> [DATA RECORDS]
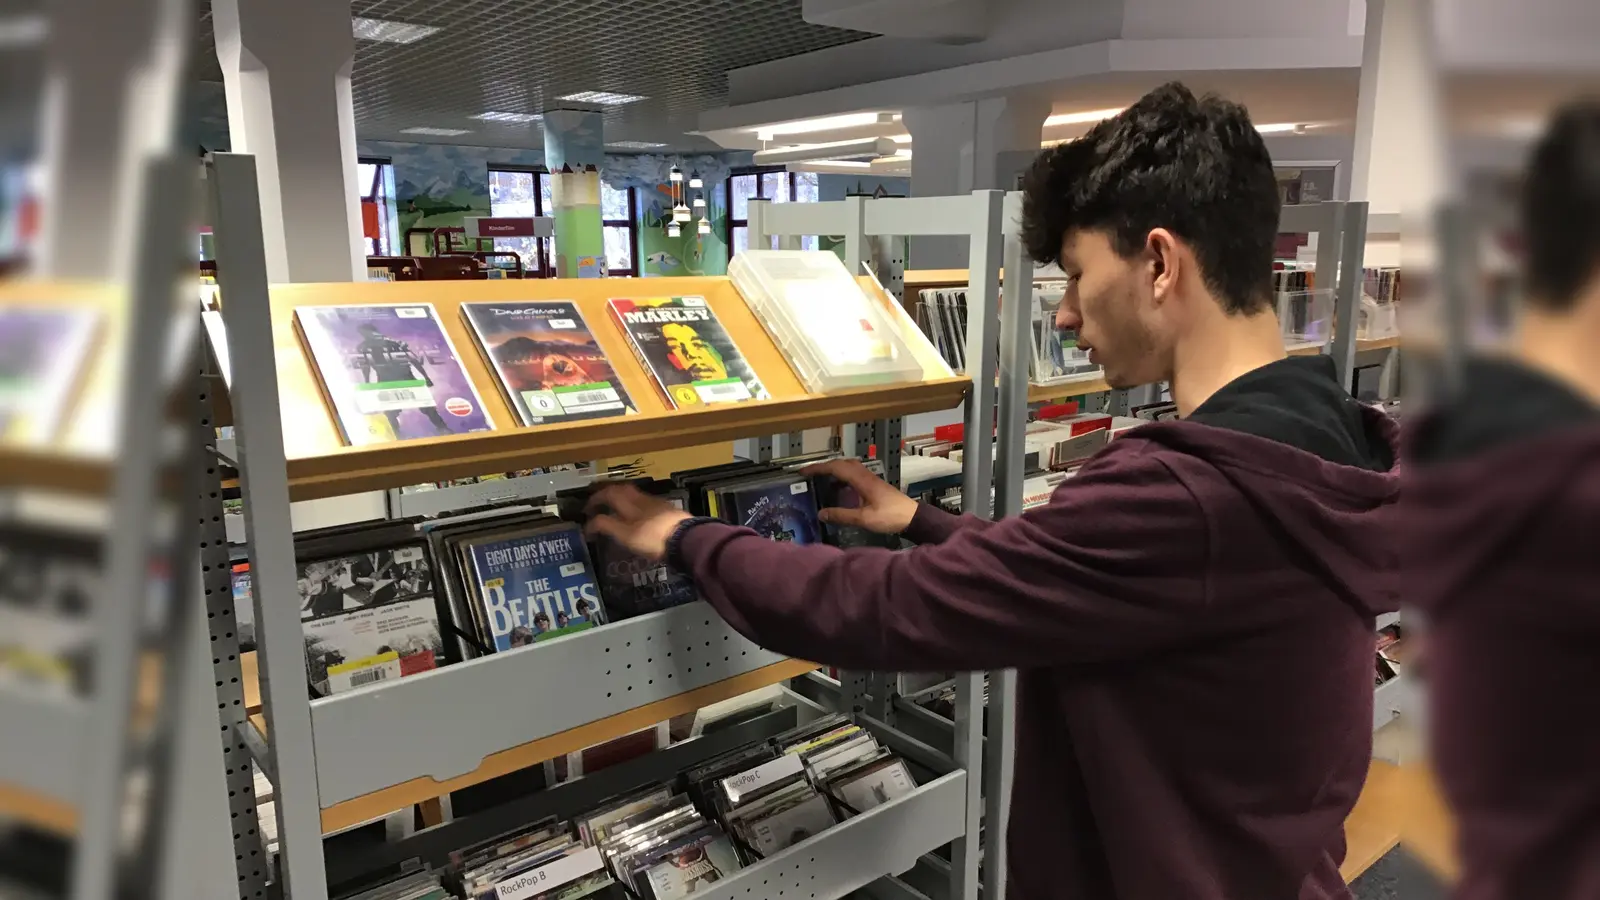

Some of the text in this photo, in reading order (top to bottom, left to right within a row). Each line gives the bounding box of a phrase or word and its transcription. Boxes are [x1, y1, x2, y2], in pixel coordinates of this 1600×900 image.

[623, 309, 710, 323] MARLEY
[485, 548, 513, 567] EIGHT
[513, 544, 539, 561] DAYS
[539, 542, 547, 557] A
[544, 538, 573, 555] WEEK
[525, 578, 551, 594] THE
[483, 583, 600, 637] BEATLES
[728, 774, 756, 789] RockPop
[754, 770, 761, 779] C
[500, 870, 547, 896] RockPop B
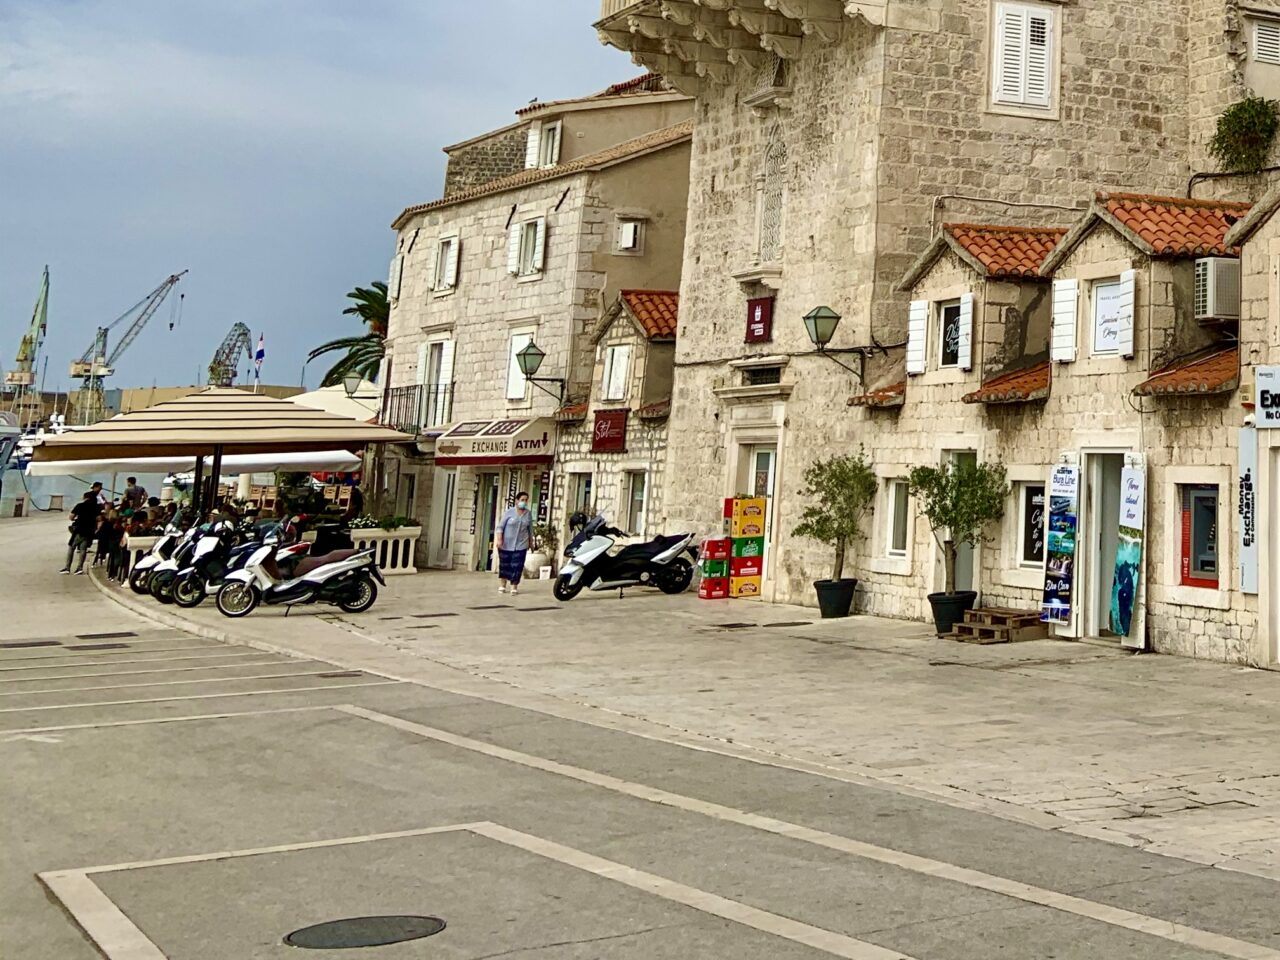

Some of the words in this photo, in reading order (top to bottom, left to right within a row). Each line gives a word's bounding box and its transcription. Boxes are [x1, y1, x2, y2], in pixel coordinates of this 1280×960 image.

[1265, 411, 1275, 420] No
[471, 441, 508, 453] EXCHANGE
[515, 439, 541, 449] ATM

> [EXERCISE]
Nothing but the exact lines of the data above, from the line containing "Some of the words" through the last, should appear in the answer.

> [ANSWER TO THE PROBLEM]
Some of the words in this photo, in reading order (top to bottom, left to right within a row). Each line gives a word's bounding box and its transcription. Boxes are [x1, y1, x2, y2], in pixel coordinates of this 1280×960 image.

[1265, 411, 1275, 420] No
[471, 441, 508, 453] EXCHANGE
[515, 439, 541, 449] ATM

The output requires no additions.